Para o economista Guilherme Delgado, pesquisador do Instituto de Pesquisa Econômica Aplicada (Ipea), o aumento dos juros para controlar a inflação tem custos econômicos e sociais.
“A elevação da taxa de juros Selic pelo governo (de 7,25% a 7,5%) não tem nenhum efeito do ponto de vista da contenção inflacionária, mas atende a apetites midiáticos e simbólicos. A linha de contenção da demanda via elevação de juros e redução do gasto social aparece como uma forma de conter a inflação, mas tem custo de muitos empregos e desaceleração econômica. Não me parece que seja essa a via que o governo está seguindo”, acredita.
O uso político da alta do tomate para forçar o aumento de juros se torna mais evidente ao analisar a queda brusca do preço do fruto. A inflação do tomate em março foi de 122,13%, sendo que no meio de abril o preço já havia caído mais de 75%.
Além disso, a farinha de trigo teve um aumento de preço maior que o tomate (151,39%) por conta da seca no nordeste, e não recebeu tanta atenção dos analistas e da mídia quanto o tomate.
“O tomate é um produto de cultivo cíclico de 90 dias. Se está faltando no mercado é porque os agricultores estão plantando. O preço que estava muito alto começa a diminuir quando o plantio novo chega. A produção do tomate não é relevante para explicar a pressão inflacionária, porque senão temos um discurso puramente sazonal. Todas as economias do mundo, em todas as épocas, tem problemas sazonais. E isso não é causa de inflação”, afirma Delgado.
Gerson Teixeira, presidente da Associação Brasileira de Reforma Agrária (Abra), concorda. “Existe sim um problema de pressão dos preços dos alimentos, mas o tomate foi usado como um vilão para pressionar o governo a aumentar a Selic. O impacto do preço do tomate na taxa de inflação é mínimo, em torno de 0.2%”.
Política Agrária
Os especialistas avaliam que a alta inflacionária dos alimentos se deve, em grande parte, à política agrícola adotada pelo governo brasileiro, que prioriza as exportações do agronegócio em vez do abastecimento interno.

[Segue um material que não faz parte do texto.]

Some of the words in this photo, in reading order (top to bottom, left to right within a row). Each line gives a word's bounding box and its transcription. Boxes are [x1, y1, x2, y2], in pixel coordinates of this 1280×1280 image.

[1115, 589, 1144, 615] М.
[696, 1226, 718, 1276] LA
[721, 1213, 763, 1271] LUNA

Dados da Abra apontam que, de 1990 para 2011, as áreas plantadas com alimentos básicos como arroz, feijão, mandioca e trigo declinaram, respectivamente, 31%, 26%, 11% e 35%. Já as de produtos do agronegócio exportador, como cana e soja, aumentaram 122% e 107%.
“Precisamos pensar melhor em como atender a demanda interna e externa para resguardar a estabilidade de preços nos produtos alimentares. Hoje, pensamos em resolver o equilíbrio externo, exportar a qualquer custo para obter superávit na balança comercial e o menor déficit possível na balança corrente. E o resíduo das exportações fica com o mercado interno para resolver as questões de estabilidade. Essa equação está equivocada e precisa ser reformulada”, afirma Delgado.

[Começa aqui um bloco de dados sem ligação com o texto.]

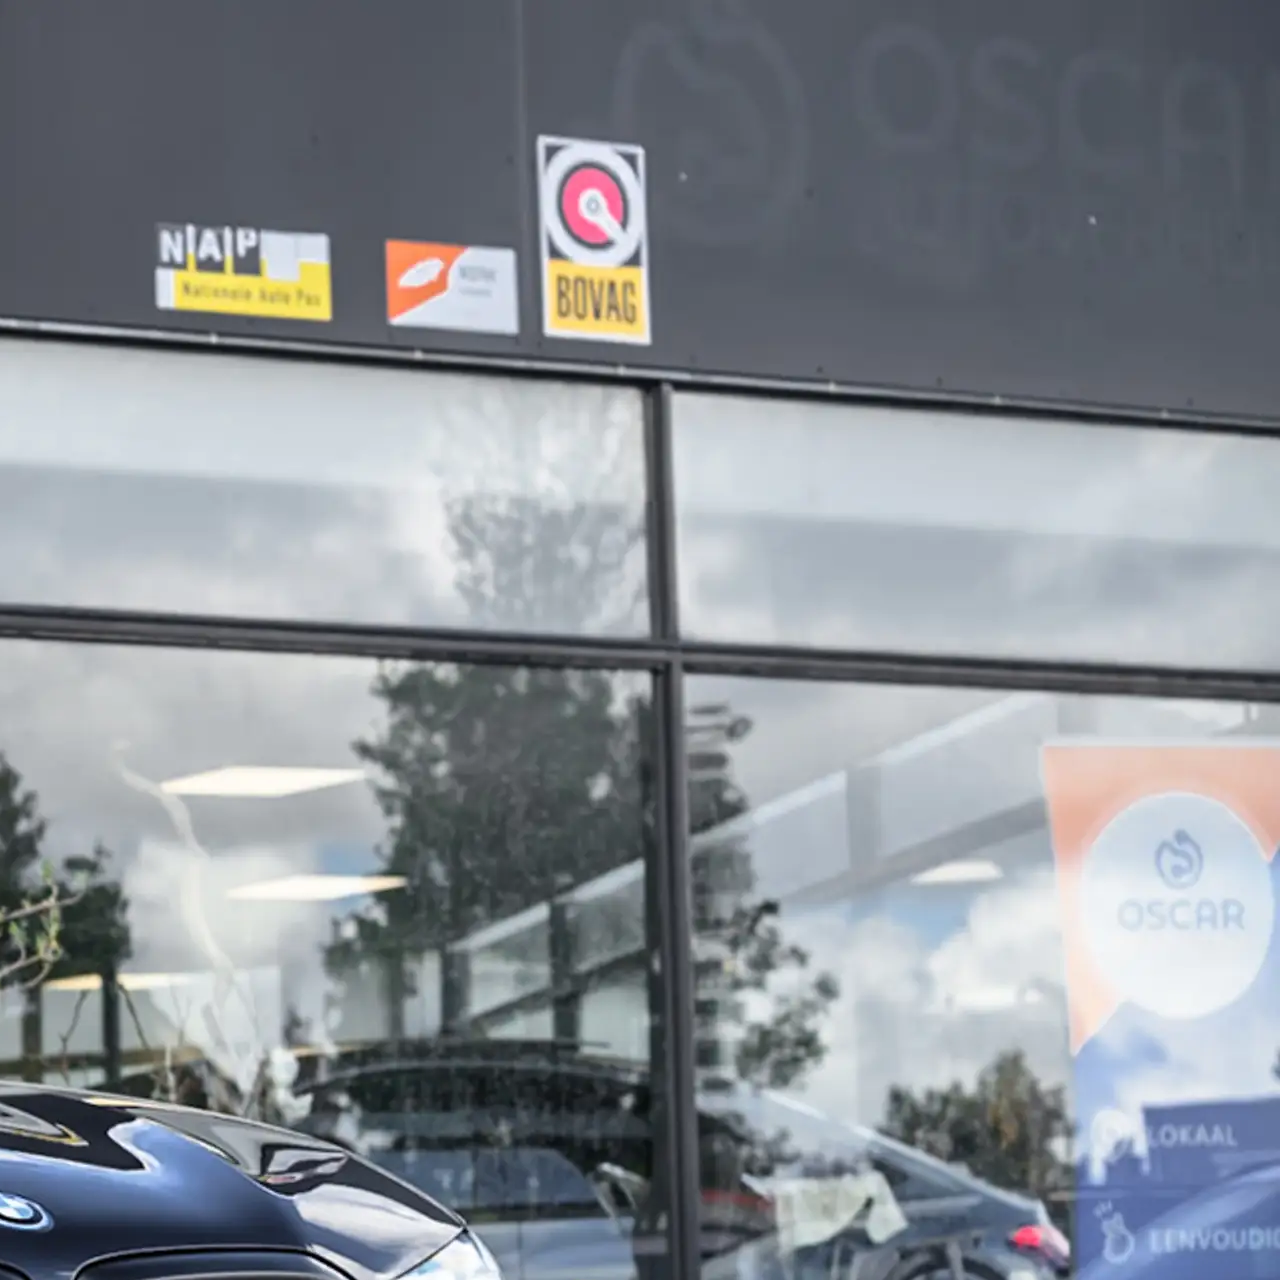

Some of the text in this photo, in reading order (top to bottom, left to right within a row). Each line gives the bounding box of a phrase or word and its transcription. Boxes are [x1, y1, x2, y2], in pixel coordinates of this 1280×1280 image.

[555, 274, 638, 326] BOVAG
[1117, 898, 1246, 932] OSCAR
[1148, 1123, 1238, 1148] LOKAAL
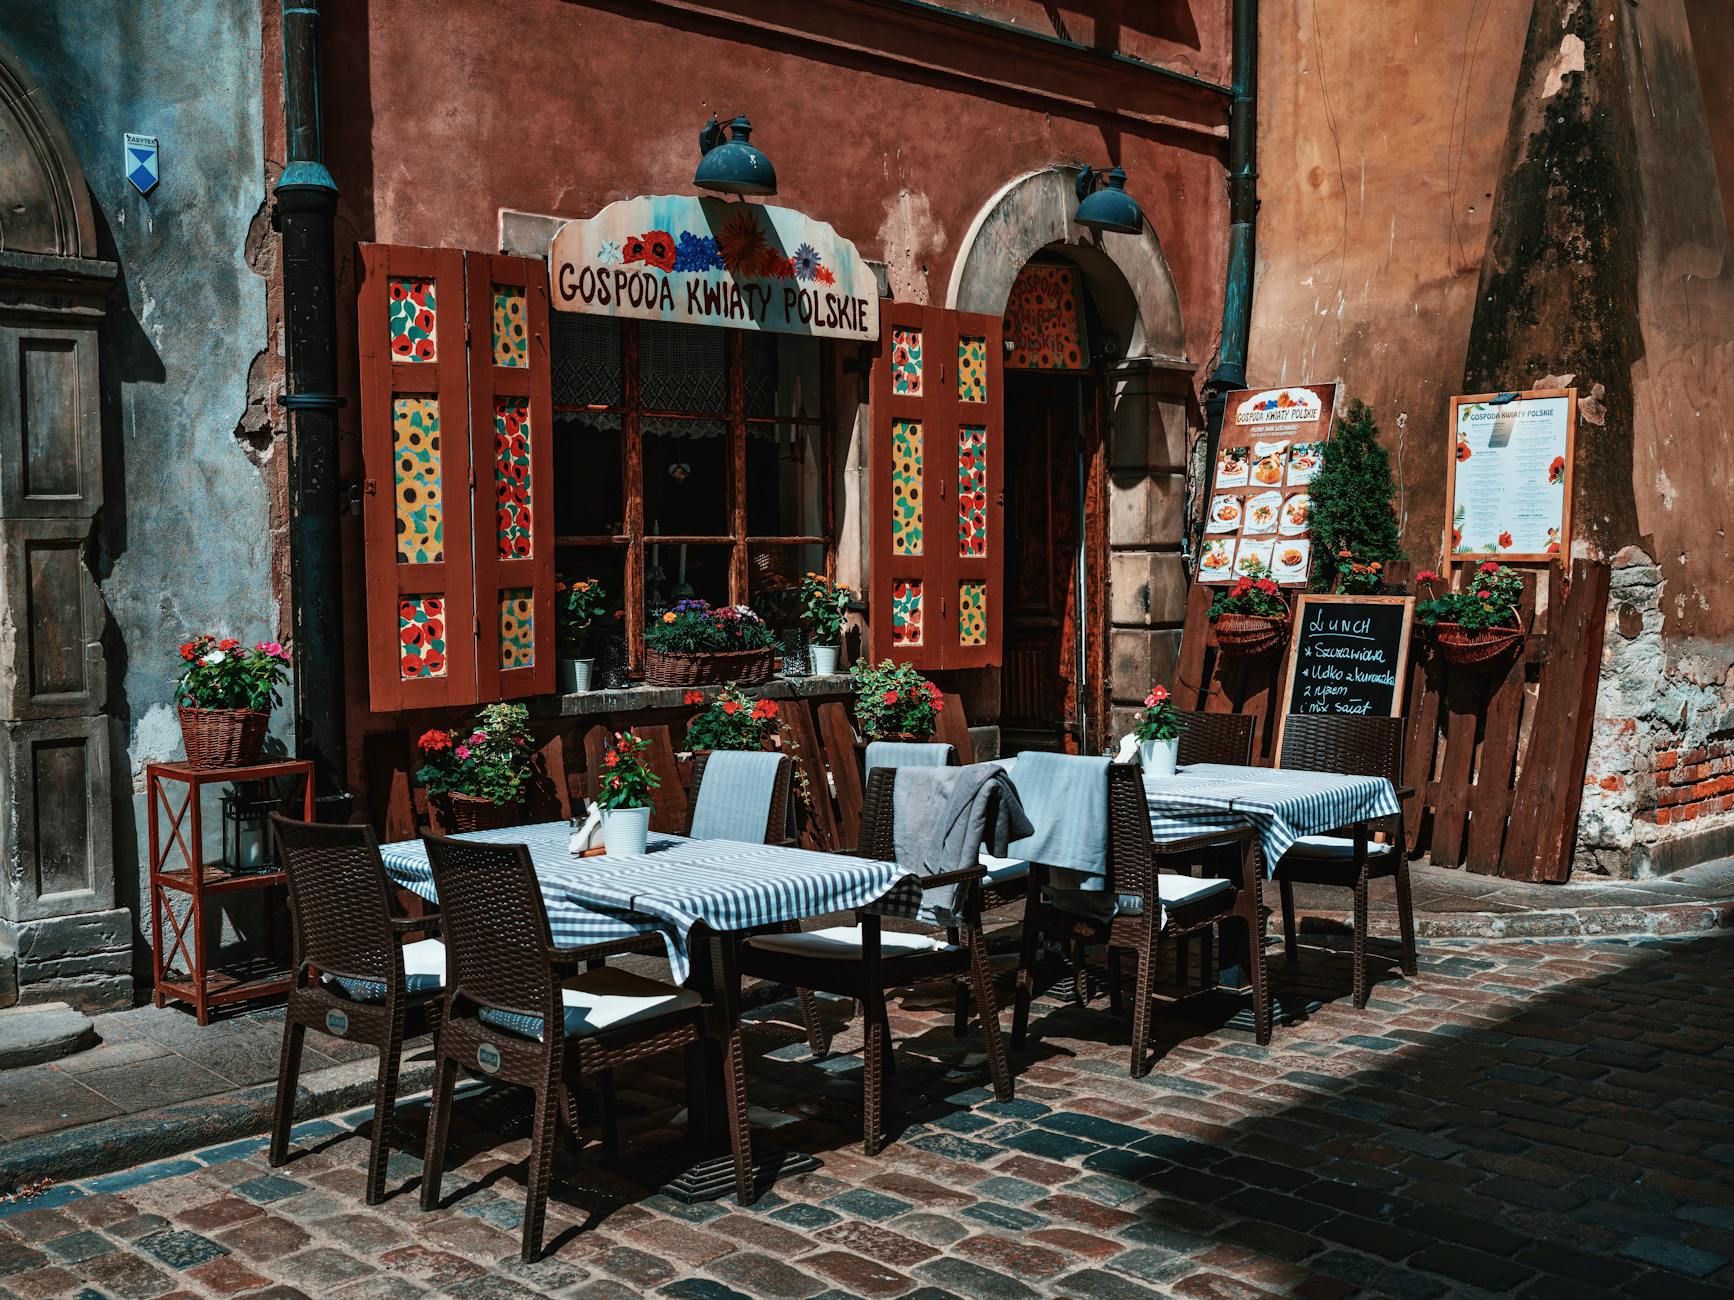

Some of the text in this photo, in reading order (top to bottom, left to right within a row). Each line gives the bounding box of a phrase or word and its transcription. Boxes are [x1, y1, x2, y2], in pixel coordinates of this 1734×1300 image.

Esse cenário faz com que o Brasil dependa de importações de alimentos básicos para suprir seu mercado interno. No ano passado, o país importou US$ 334 milhões em arroz, equivalente a 50% do valor aplicado no custeio da lavoura em nível nacional. No caso do trigo, o valor das importações foi de US$ 1,7 bi, duas vezes superior ao destinado para o custeio da lavoura, e a produção de mandioca atualmente é a mesma de 1990.

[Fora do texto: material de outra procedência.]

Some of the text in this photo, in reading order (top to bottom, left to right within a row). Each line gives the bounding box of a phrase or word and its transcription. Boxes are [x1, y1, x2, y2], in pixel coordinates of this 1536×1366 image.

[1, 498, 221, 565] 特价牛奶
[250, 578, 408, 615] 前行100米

Para controlar os preços e garantir o abastecimento interno, o governo começa a adotar a criação de estoques reguladores por meio da Companhia Nacional de Abastecimento (Conab).
Essas reservas permitem ao governo intervir caso o preço dos alimentos esteja fora do padrão determinado, e comprar ou vender esses alimentos, com ênfase especial nos que compõem a cesta básica para equilibrar os valores.
Segundo Gerson Teixeira, os estoques são estratégicos. “Deixamos de estocar na década de 90, pois prevalece até hoje a tese neoliberal da autorregulação do mercado. Qual o resultado? Não temos estoques de alimentos capazes de impedir a alta dos preços”.
“A política de estoques regulares e estratégicos é fundamental. A presidenta Dilma assinou uma medida importante em fevereiro, criando um conselho interministerial para formar estoques públicos de alimentos. É uma medida extremamente necessária nesses tempos de volatilidade do mercado agrícola”, defende.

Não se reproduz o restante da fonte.